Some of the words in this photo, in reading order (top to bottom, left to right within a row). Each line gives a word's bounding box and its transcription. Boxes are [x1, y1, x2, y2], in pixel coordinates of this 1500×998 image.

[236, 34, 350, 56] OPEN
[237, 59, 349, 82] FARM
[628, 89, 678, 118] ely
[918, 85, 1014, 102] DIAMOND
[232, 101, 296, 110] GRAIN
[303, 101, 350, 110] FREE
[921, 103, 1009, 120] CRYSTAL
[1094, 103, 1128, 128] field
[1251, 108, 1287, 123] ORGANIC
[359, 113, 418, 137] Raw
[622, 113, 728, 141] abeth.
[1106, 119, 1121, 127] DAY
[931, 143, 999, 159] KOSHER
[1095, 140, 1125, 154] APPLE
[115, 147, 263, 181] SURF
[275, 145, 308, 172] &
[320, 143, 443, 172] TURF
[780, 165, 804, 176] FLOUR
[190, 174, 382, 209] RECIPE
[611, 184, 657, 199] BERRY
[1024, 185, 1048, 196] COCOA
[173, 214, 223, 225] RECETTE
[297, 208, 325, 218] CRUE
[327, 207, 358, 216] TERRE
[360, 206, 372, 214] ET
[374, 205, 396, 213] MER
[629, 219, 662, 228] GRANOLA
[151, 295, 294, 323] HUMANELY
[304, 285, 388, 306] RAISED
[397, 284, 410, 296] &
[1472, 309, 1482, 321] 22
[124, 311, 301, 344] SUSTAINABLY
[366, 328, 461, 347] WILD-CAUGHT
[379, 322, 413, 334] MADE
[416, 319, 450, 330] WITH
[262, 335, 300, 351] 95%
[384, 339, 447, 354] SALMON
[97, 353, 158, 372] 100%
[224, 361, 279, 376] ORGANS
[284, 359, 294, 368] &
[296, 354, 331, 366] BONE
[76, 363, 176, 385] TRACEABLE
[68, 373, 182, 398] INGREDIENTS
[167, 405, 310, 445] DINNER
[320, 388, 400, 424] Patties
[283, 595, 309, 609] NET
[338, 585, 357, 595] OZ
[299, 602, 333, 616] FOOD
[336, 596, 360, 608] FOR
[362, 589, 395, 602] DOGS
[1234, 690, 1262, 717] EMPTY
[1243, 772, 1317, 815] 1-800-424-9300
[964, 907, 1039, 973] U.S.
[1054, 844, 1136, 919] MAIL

*TASK PROMPT*.
Starting at the top, retype every line of the material above exactly.

*SOLUTION*.
Some of the words in this photo, in reading order (top to bottom, left to right within a row). Each line gives a word's bounding box and its transcription. Boxes are [x1, y1, x2, y2], in pixel coordinates of this 1500×998 image.

[236, 34, 350, 56] OPEN
[237, 59, 349, 82] FARM
[628, 89, 678, 118] ely
[918, 85, 1014, 102] DIAMOND
[232, 101, 296, 110] GRAIN
[303, 101, 350, 110] FREE
[921, 103, 1009, 120] CRYSTAL
[1094, 103, 1128, 128] field
[1251, 108, 1287, 123] ORGANIC
[359, 113, 418, 137] Raw
[622, 113, 728, 141] abeth.
[1106, 119, 1121, 127] DAY
[931, 143, 999, 159] KOSHER
[1095, 140, 1125, 154] APPLE
[115, 147, 263, 181] SURF
[275, 145, 308, 172] &
[320, 143, 443, 172] TURF
[780, 165, 804, 176] FLOUR
[190, 174, 382, 209] RECIPE
[611, 184, 657, 199] BERRY
[1024, 185, 1048, 196] COCOA
[173, 214, 223, 225] RECETTE
[297, 208, 325, 218] CRUE
[327, 207, 358, 216] TERRE
[360, 206, 372, 214] ET
[374, 205, 396, 213] MER
[629, 219, 662, 228] GRANOLA
[151, 295, 294, 323] HUMANELY
[304, 285, 388, 306] RAISED
[397, 284, 410, 296] &
[1472, 309, 1482, 321] 22
[124, 311, 301, 344] SUSTAINABLY
[366, 328, 461, 347] WILD-CAUGHT
[379, 322, 413, 334] MADE
[416, 319, 450, 330] WITH
[262, 335, 300, 351] 95%
[384, 339, 447, 354] SALMON
[97, 353, 158, 372] 100%
[224, 361, 279, 376] ORGANS
[284, 359, 294, 368] &
[296, 354, 331, 366] BONE
[76, 363, 176, 385] TRACEABLE
[68, 373, 182, 398] INGREDIENTS
[167, 405, 310, 445] DINNER
[320, 388, 400, 424] Patties
[283, 595, 309, 609] NET
[338, 585, 357, 595] OZ
[299, 602, 333, 616] FOOD
[336, 596, 360, 608] FOR
[362, 589, 395, 602] DOGS
[1234, 690, 1262, 717] EMPTY
[1243, 772, 1317, 815] 1-800-424-9300
[964, 907, 1039, 973] U.S.
[1054, 844, 1136, 919] MAIL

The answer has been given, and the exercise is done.